In your copy, leave out the pictures and reproduce the listing below exactly.

§ Input data:
════════

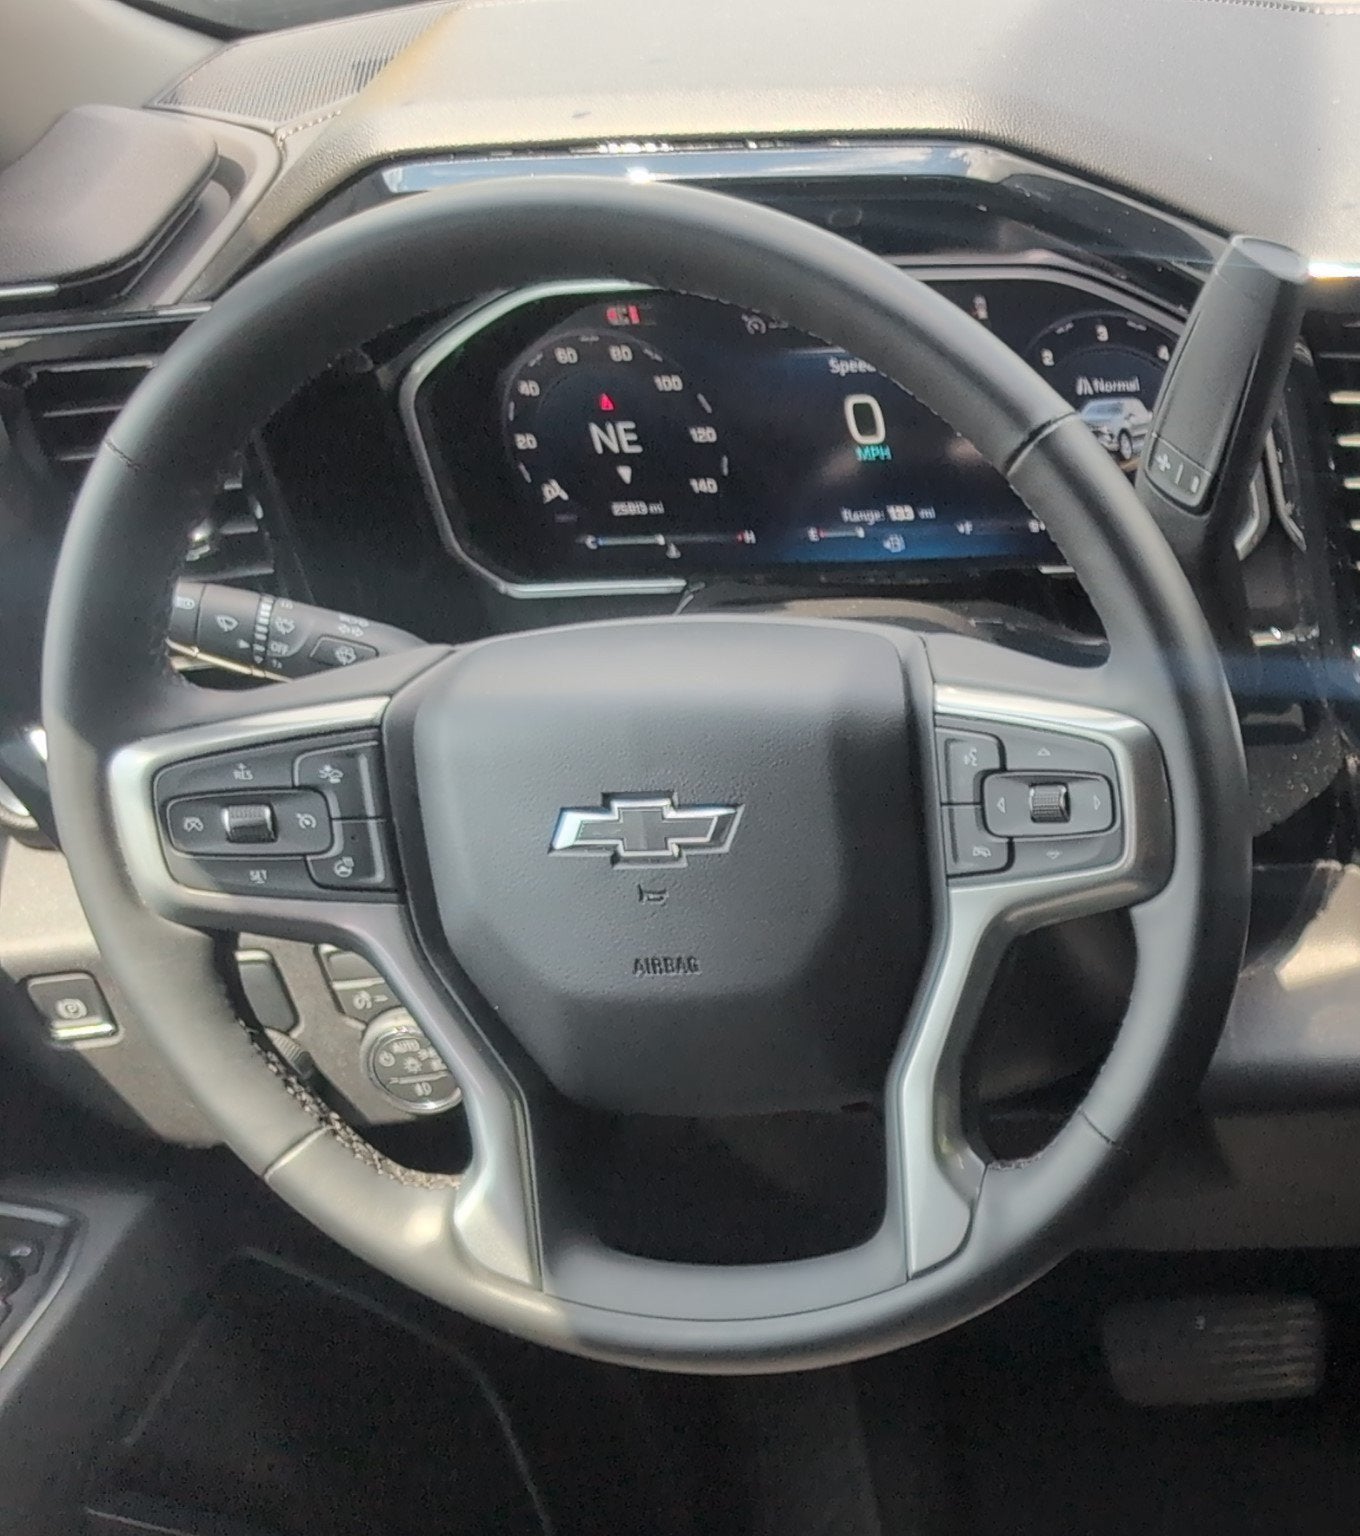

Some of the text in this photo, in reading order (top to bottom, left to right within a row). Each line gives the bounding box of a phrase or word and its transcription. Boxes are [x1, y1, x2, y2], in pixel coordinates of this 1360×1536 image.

[518, 380, 540, 397] 40
[653, 375, 683, 392] 100
[1093, 377, 1140, 393] Normal
[844, 394, 886, 444] 0
[514, 433, 538, 449] 20
[588, 421, 643, 454] NE
[689, 426, 717, 443] 120
[855, 445, 892, 461] MPH
[689, 478, 718, 494] 140
[632, 955, 699, 976] AIRBAG
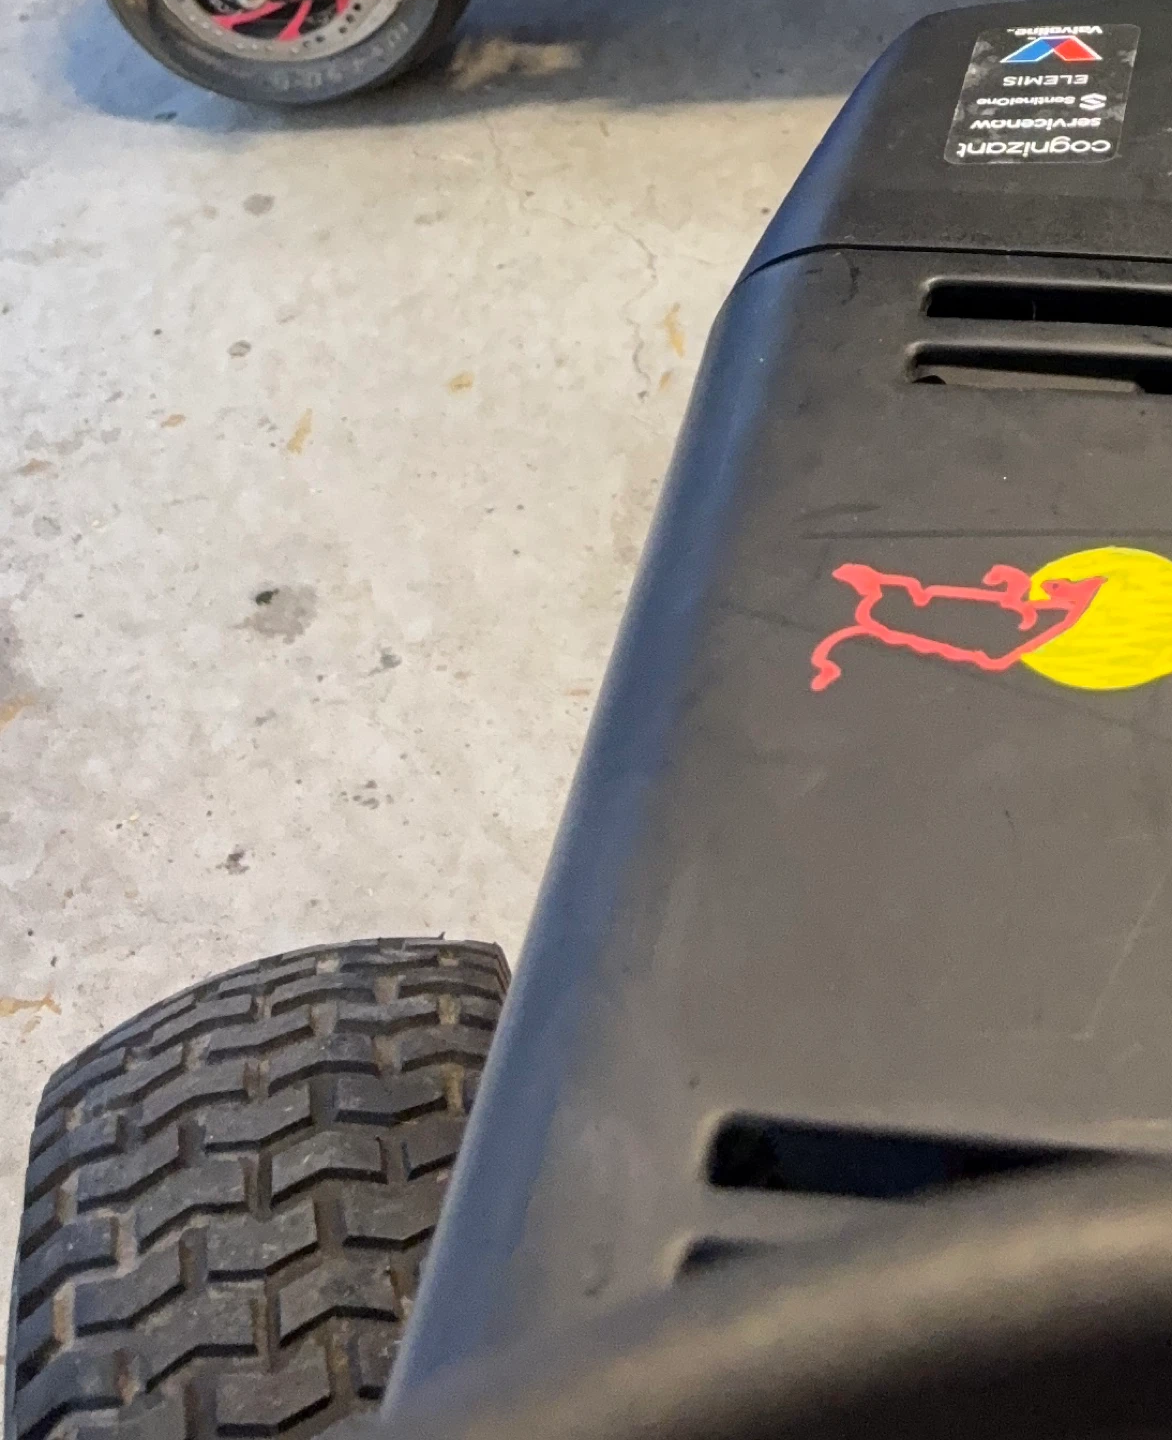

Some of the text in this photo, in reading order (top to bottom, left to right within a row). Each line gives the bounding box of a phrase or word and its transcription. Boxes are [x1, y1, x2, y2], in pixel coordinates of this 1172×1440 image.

[1014, 25, 1103, 36] Valvoline
[1003, 74, 1089, 87] ELEMIS
[970, 117, 1102, 131] servicenow
[956, 136, 1111, 158] cognizant
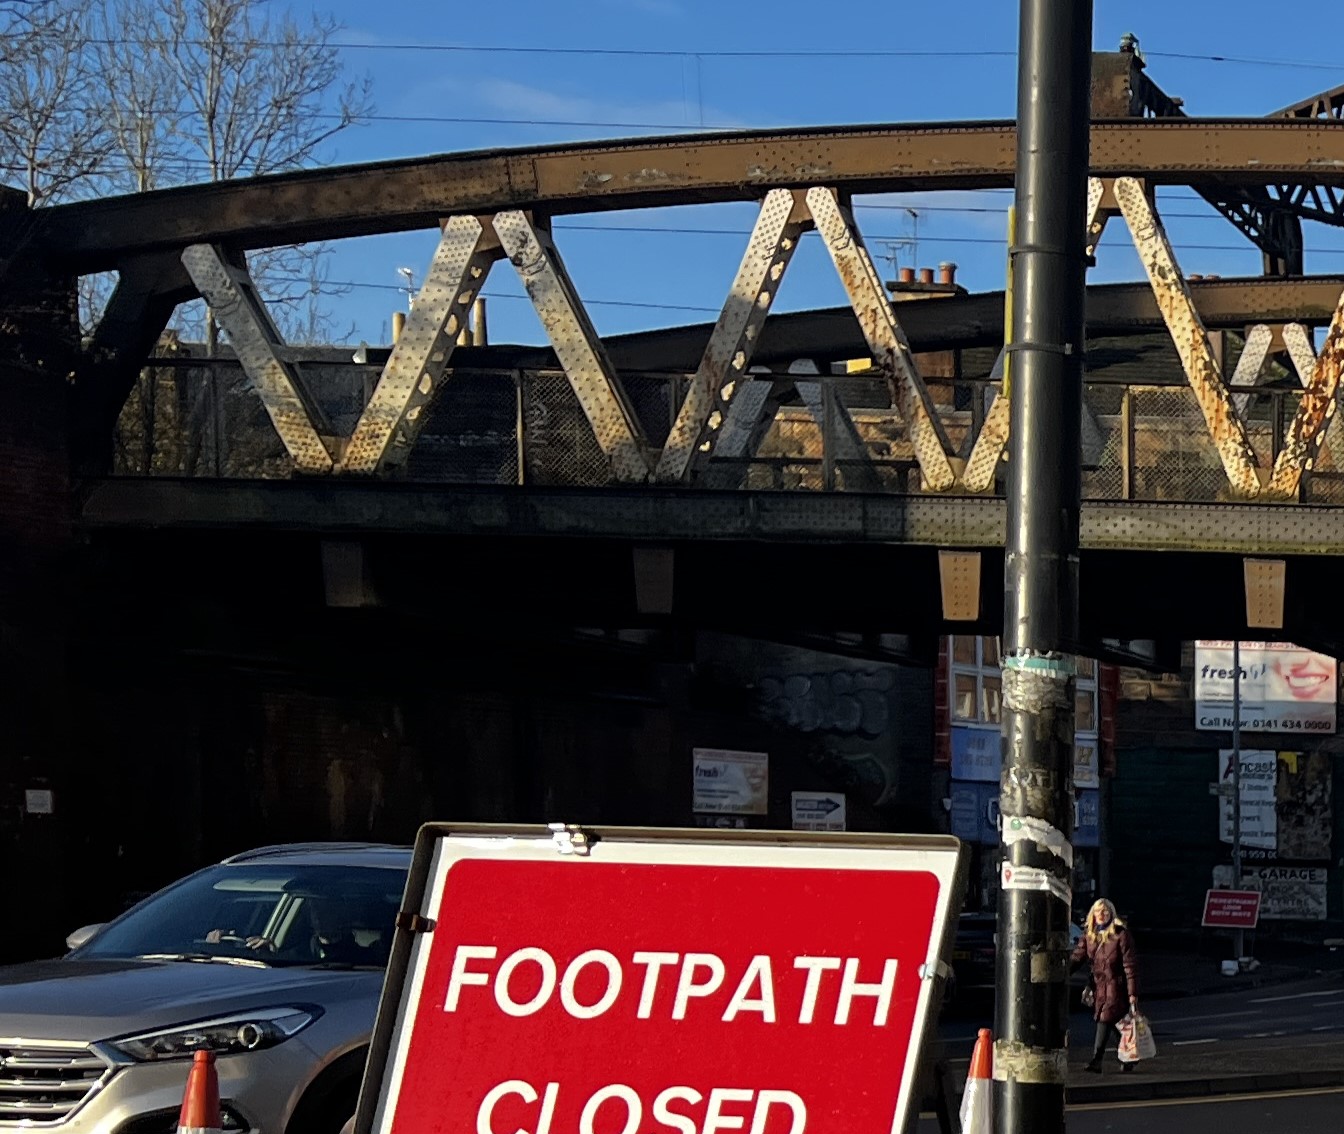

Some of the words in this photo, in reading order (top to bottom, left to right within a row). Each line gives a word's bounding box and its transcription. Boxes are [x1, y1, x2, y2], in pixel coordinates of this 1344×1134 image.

[1200, 717, 1220, 727] Call
[1258, 868, 1316, 880] GARAGE
[443, 945, 898, 1026] FOOTPATH

════════

§ Task answer:
Some of the text in this photo, in reading order (top to bottom, left to right within a row). Each line gives the bounding box of a phrase or word and its transcription. Boxes are [x1, y1, x2, y2], in pixel coordinates of this 1360×1536 image.

[518, 380, 540, 397] 40
[653, 375, 683, 392] 100
[1093, 377, 1140, 393] Normal
[844, 394, 886, 444] 0
[514, 433, 538, 449] 20
[588, 421, 643, 454] NE
[689, 426, 717, 443] 120
[855, 445, 892, 461] MPH
[689, 478, 718, 494] 140
[632, 955, 699, 976] AIRBAG

Some of the text in this photo, in reading order (top to bottom, left to right within a row). Each line gives the bounding box of a phrase or word and its transcription. Boxes are [x1, y1, x2, y2], in pixel coordinates of this 1172×1440 image.

[1014, 25, 1103, 36] Valvoline
[1003, 74, 1089, 87] ELEMIS
[970, 117, 1102, 131] servicenow
[956, 136, 1111, 158] cognizant

Some of the words in this photo, in reading order (top to bottom, left to right within a row). Each line gives a word's bounding box and its transcription. Boxes are [x1, y1, x2, y2], in pixel coordinates of this 1344×1134 image.

[1200, 717, 1220, 727] Call
[1258, 868, 1316, 880] GARAGE
[443, 945, 898, 1026] FOOTPATH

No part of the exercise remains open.